Importanza della Sapienza! È ciò che più vale. Ecco
perché l'uomo si deve impegnare nella ricerca della Sapienza, di questa
Sapienza però che viene da Dio, non dalle creature o da quello che dicono gli
uomini, ma viene da Dio; il che vuol dire che richiede un rapporto non più
mediato, ma un rapporto immediato. Già l'altra volta abbiamo precisatolo che
son proprio le cose che sono messe in mezzo, le cose mediate (mezzi), quelle
che ci fanno correre il rischio delle deviazioni, di precipitare nel campo del
soggettivo, di far crescere in noi la marea soggettiva, perché i mezzi, proprio
perché sono mezzi, sono soggetti ad essere rivestiti di intenzioni. Per cui ad
un certo momento Dio deve annullare tutto: ha messo tutto sotto il segno della
vanità. Tutto il mondo esterno, quest'opera meravigliosa di Dio, ecc. Dio l'ha
sotto posta all'annullamento, visto che è diventata per l'uomo motivo di questa
crescita di marea di soggettività (che mette in crisi l'oggettività, e l'uomo
vive di oggettività, di “presenza”), Dio ha annullato tutto; ecco l'inverno. E
annullando tutto, cosa ha fatto? Ha
invitato l'uomo a questo rapporto immediato, diretto con Lui.

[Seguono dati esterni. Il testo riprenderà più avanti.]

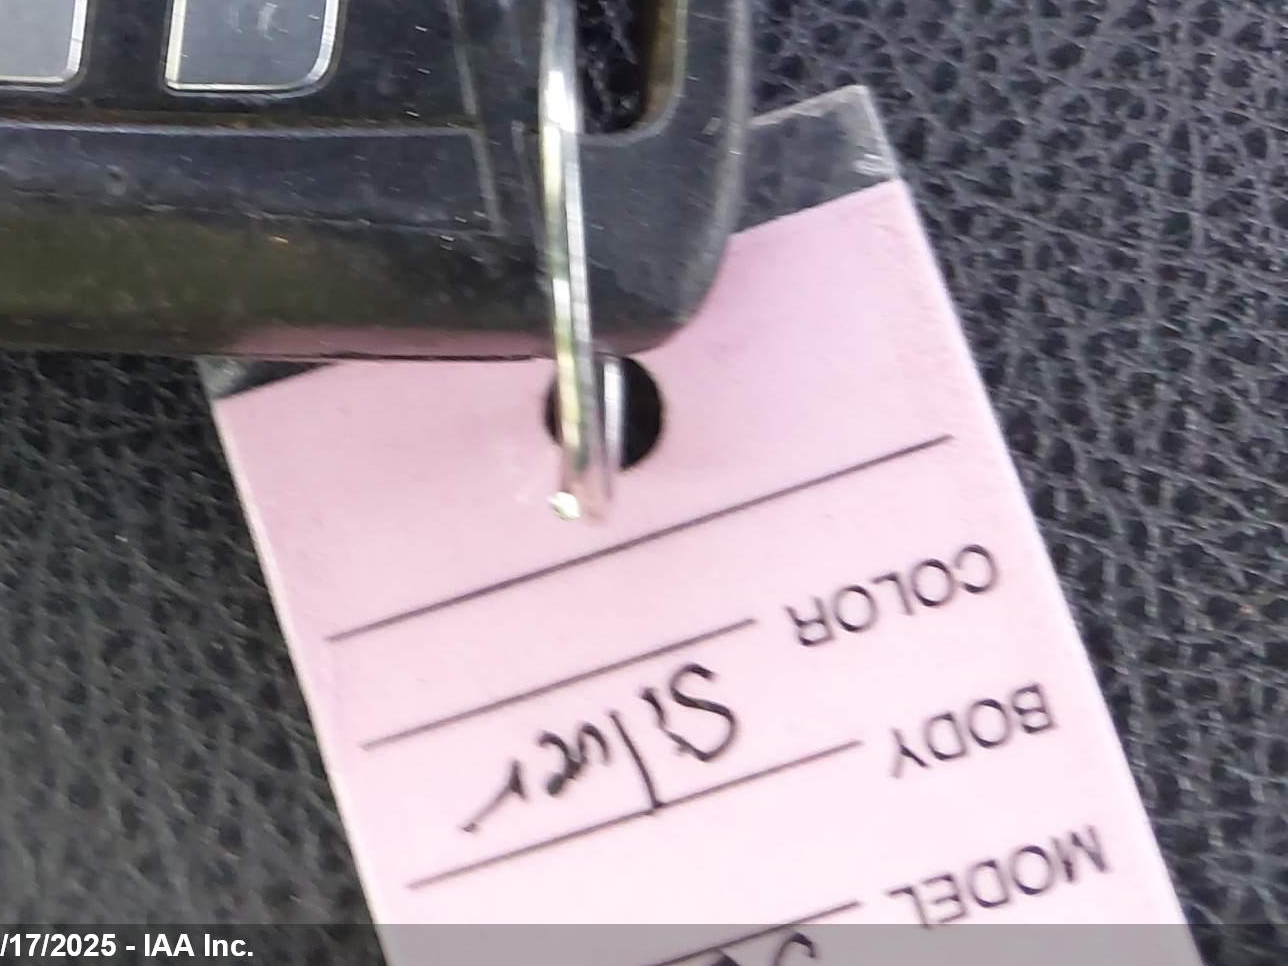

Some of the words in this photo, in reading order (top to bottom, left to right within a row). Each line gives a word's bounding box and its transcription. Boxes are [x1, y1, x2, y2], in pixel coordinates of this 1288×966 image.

[786, 543, 999, 647] COLOR
[889, 684, 1058, 777] BODY
[887, 824, 1111, 930] MODEL

Lui stesso dopo aver mandato profeti, leggi, regole,
ecc., Lui stesso dice: “Io vengo e farò
Io il Pastore, visto che i pastori hanno tradito”(Ez 34,10-12). Ecco Dio
stesso viene. E cosa vuol dire questo?
Invita noi a questo rapporto diretto, personale, intimo,
ad attingere la Sapienza unicamente da Lui. Lui si fa il Maestro e ad dirittura
invita tutti gli uomini a non dire più “maestro”" a nessuno: “Non date a nessuno il nome di maestro,
perché Uno solo è il vostro Maestro” (Mt 23,8), ecco la grande nobiltà con
cui Dio tratta l'uomo. Lui stesso si fa
Maestro dell'uomo e vuole che l'uomo non abbia nessun altro maestro, perché
possa attingere dalla sua bocca, possa attingere da Dio alta Sorgente, la
Sapienza. Cosa vuol dire “Sapienza”?
Sapienza è il contrario della stoltezza. Abbiamo detto
che la stoltezza è caratterizzata dal voler trasformare in assoluto ciò che non
lo è, cioè dallo sbagliare luogo. Quindi la stoltezza ci fa capire che cos'è la
Sapienza, perché la meraviglia dell'opera di Dio sta in questo: che tutto rende
gloria a Dio, anche la stoltezza.
L'uomo che vive nel pensiero di sé e quindi tende ad
affermare se stesso, a farsi centro, non trova Dio disponibile, certamente Dio
non è disponibile per questa stoltezza perché è contro la Verità. Dio non
sottoscrive l’errore. Dio è il Creatore, non l'uomo. Dio è il Centro, non
l'uomo; e un uomo che dica “io sono il centro” certamente non ottiene più la
disponibilità di Dio. Dio non sottoscrive l'errore, però utilizza l'errore.
Ecco, dico, la meraviglia dell'opera di Dio: Lui adopera anche la stoltezza
dell'uomo per affermare la sua Verità. La stoltezza dell'uomo sta nel voler
trasformare in assoluto ciò che non lo è, cioè praticamente cerca stelle alpine
in un campo di grano: sbaglia luogo! La stoltezza sta nello sbagliare luogo.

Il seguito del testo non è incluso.